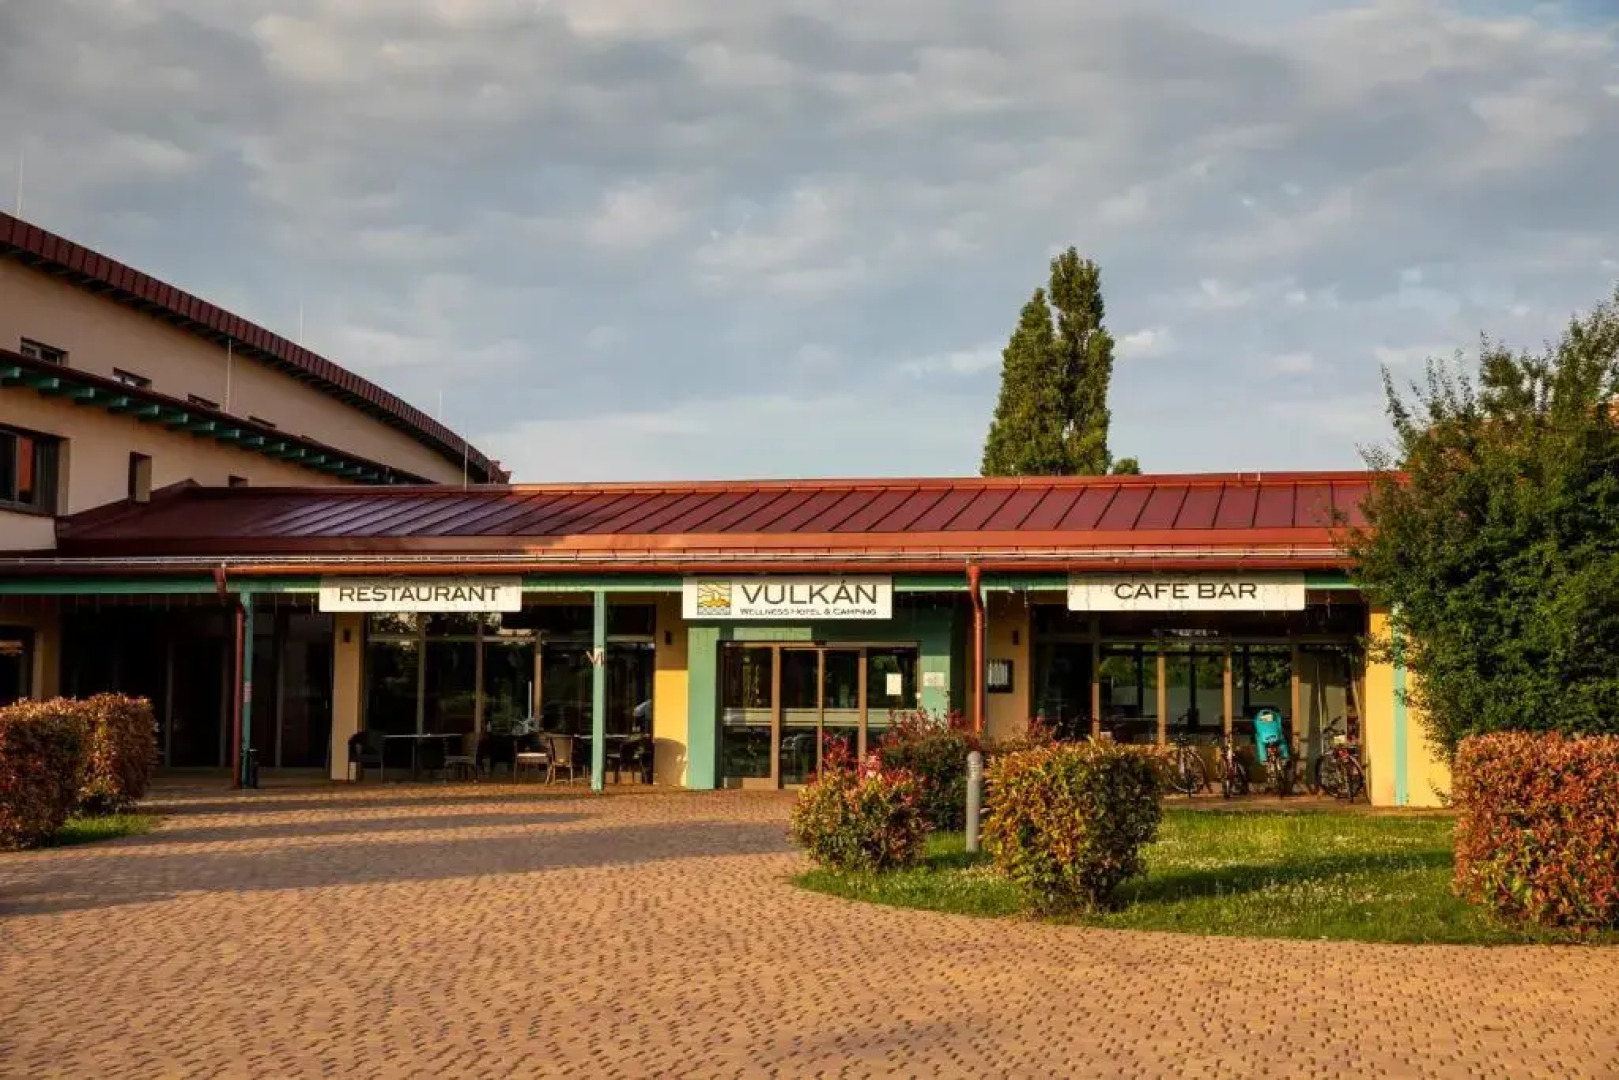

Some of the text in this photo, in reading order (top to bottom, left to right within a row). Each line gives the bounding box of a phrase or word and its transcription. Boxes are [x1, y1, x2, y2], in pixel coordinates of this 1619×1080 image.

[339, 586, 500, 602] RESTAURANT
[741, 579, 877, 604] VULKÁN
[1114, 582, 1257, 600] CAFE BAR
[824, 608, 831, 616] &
——————
YOUR INSTRUCTIONS - Every entry above, pictures excluded, needs to be duplicated exactly.

WRITTEN SOLUTION -
Some of the text in this photo, in reading order (top to bottom, left to right within a row). Each line gives the bounding box of a phrase or word and its transcription. Boxes are [x1, y1, x2, y2], in pixel coordinates of this 1619×1080 image.

[339, 586, 500, 602] RESTAURANT
[741, 579, 877, 604] VULKÁN
[1114, 582, 1257, 600] CAFE BAR
[824, 608, 831, 616] &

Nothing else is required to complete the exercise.